Background

Globally in 2020, 820,000 individuals died from chronic hepatitis B virus infection (HBV), compared to 680,000 people dying from HIV disease [1], and approximately 2.6 million HIV-infected individuals are co-infected with HBV [2]. Although HIV and HBV can share similar transmission routes [3], the contribution of transmission routes to infection burden may differ by geographical region [2]. For example, studies in East Africa have shown that scarification and blood transfusions are important risk factors for HBV transmission [4] and that HBV is often acquired at a younger age (before 5 years) compared to other regions in Africa. In contrast, HIV transmission in East Africa is driven by heterosexual sex in adulthood [2]. Low levels of HIV transmission among younger age groups can be explained by the recent introduction of antivirals in Africa [5] for prevention of mother-to-child transmission. The pathophysiology of HBV and the duration of the infection in East Africa, is an important factor to suspect a different risk of mortality that is assumed to be different of that in developed countries where, advanced health infrastructure for vaccination, screening and treatment make HBV acquisition in adulthood through sex and injecting drug use [6].

Several studies have found reduced survival [7,8,9,10] of HBV and HIV co-infected individuals, while other large studies [11,12,13] found no effect. These discrepancies, along with the potential lack of generalizability of previous studies for the eastern African population, raise reasonable question on the effect of HIV–HBV co-infection on mortality risk, warranting local-level investigation for more targeted policy guidance.

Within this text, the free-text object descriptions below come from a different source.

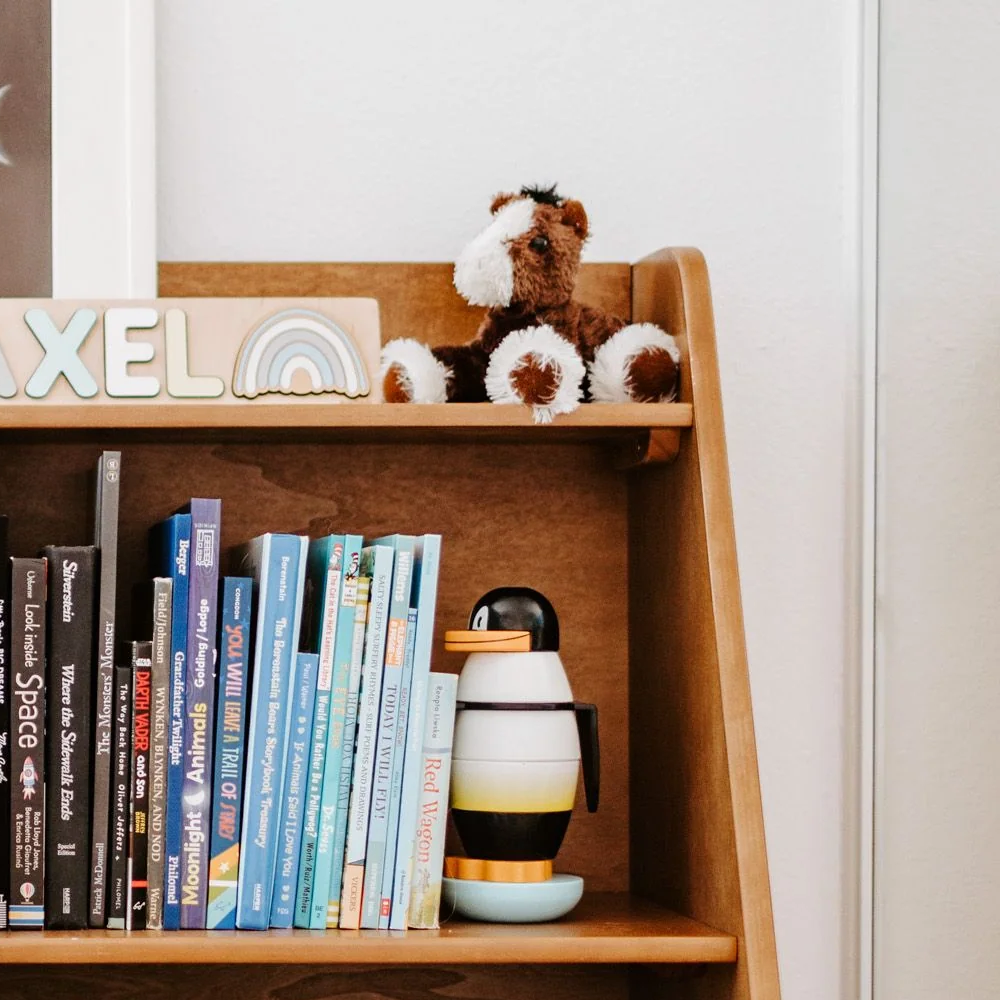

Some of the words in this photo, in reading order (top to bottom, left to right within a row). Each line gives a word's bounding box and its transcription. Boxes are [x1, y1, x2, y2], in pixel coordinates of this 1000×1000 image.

[176, 540, 190, 576] Berger
[26, 570, 36, 599] Usborne
[63, 560, 77, 622] Silverstein
[377, 575, 386, 598] SALTY
[394, 551, 411, 602] Willems
[24, 604, 40, 631] Look
[156, 592, 168, 664] Field/Johnson
[197, 599, 208, 632] Lodge
[275, 618, 287, 637] The
[375, 602, 383, 632] SLEEPY
[24, 635, 38, 667] inside
[100, 622, 114, 668] Monster
[323, 637, 332, 665] Learning
[371, 634, 381, 669] SURFERY
[194, 643, 207, 688] Golding
[226, 663, 242, 697] WILL
[269, 640, 284, 698] Berenstain
[62, 664, 74, 704] Where
[136, 672, 149, 709] DARTH
[173, 651, 184, 718] Grandfather
[367, 672, 377, 706] RHYMES
[15, 672, 43, 748] Space
[62, 707, 74, 727] the
[153, 687, 165, 742] WYNKEN,
[223, 701, 240, 732] LEAVE
[267, 702, 279, 734] Bears
[317, 695, 328, 720] Would
[365, 713, 373, 732] SURF
[382, 685, 398, 733] TODAY
[97, 732, 110, 755] The
[135, 714, 148, 751] VADER
[169, 719, 182, 765] Twilight
[186, 703, 207, 784] Animals
[294, 742, 304, 751] If
[315, 724, 326, 739] You
[61, 730, 76, 785] Sidewalk
[136, 755, 147, 777] and
[221, 748, 239, 779] TRAIL
[261, 737, 276, 794] Storybook
[312, 743, 323, 770] Rather
[362, 736, 370, 765] POEMS
[377, 745, 391, 783] WILL
[152, 745, 163, 803] BLYNKEN,
[290, 754, 302, 794] Animals
[312, 773, 321, 783] Be
[360, 766, 369, 785] AND
[423, 758, 442, 793] Red
[61, 788, 73, 820] Ends
[117, 784, 125, 812] Oliver
[221, 782, 237, 799] OF
[374, 789, 388, 819] FLY!
[153, 805, 162, 831] AND
[219, 802, 236, 841] STARS
[255, 797, 273, 848] Treasury
[288, 796, 298, 818] Said
[305, 795, 318, 837] Pollywog?
[356, 786, 366, 831] DRAWINGS
[32, 827, 40, 847] Lloyd
[116, 816, 124, 851] Jeffers
[285, 829, 296, 854] Love
[319, 824, 332, 853] Seuss
[417, 800, 439, 863] Wagon
[32, 849, 40, 870] Jones,
[95, 843, 104, 884] McDonnell
[151, 835, 162, 861] NOD
[182, 811, 204, 905] Moonlight
[167, 856, 178, 905] Philomel
[282, 857, 292, 877] You
[93, 888, 102, 914] Patrick
[150, 888, 160, 920] Warne
[254, 884, 262, 911] HARPER
[349, 877, 358, 912] VICKERS

We conducted this study in Rwanda, an East African country where identification of people with HBV–HIV co-infection began in 2016 after a long period of uncertainty about co-infection and its impact on population mortality. Building on the previous work by Umutesi et al. (2021), we focus on HIV-infected people, and take into account the introduction of universal, early and immediate antiretroviral therapy (ART) [14] that raised ART coverage to 97.5% in Rwanda [15], and the prioritization of TDF as a first-line treatment [16]. There is little evidence of the effect of HBV on mortality in HIV-infected individuals, particularly in large cohorts with routine HIV care, routine free HIV/HBV testing, high antiretroviral treatment coverage and in the context of a differential HBV transmission route [2]. Using a large HIV-infected individual cohort in sub Saharan Africa, we examined the association between chronic HBV infection and HIV mortality among HIV-infected individuals.

Methods

Study design, population and settings

In this retrospective cohort study, we use data derived from a nationwide cohort of 117,258 HIV-infected adults (15 years and above) screened for hepatitis B surface antigens (HBsAg) during a vaccination and screening campaign in 2016 (the characteristics of this population is presented in Additional file 2: Appendix S2). The set-up, process and other details of this campaign have been described by Umutesi et al. [17]. In addition, a national electronic medical record (EMR) registry was used to supplement individual clinical, immunological and treatment data. The information on the Rwanda EMR has been published in earlier studies [18, 19]. The study period was from 1 January 2016 to 31 December 2019, included 21,105 records from populations with available HBV test results available between January and February 2016, and have been registered in one of the 340 HIV clinics with an EMR system in 2016.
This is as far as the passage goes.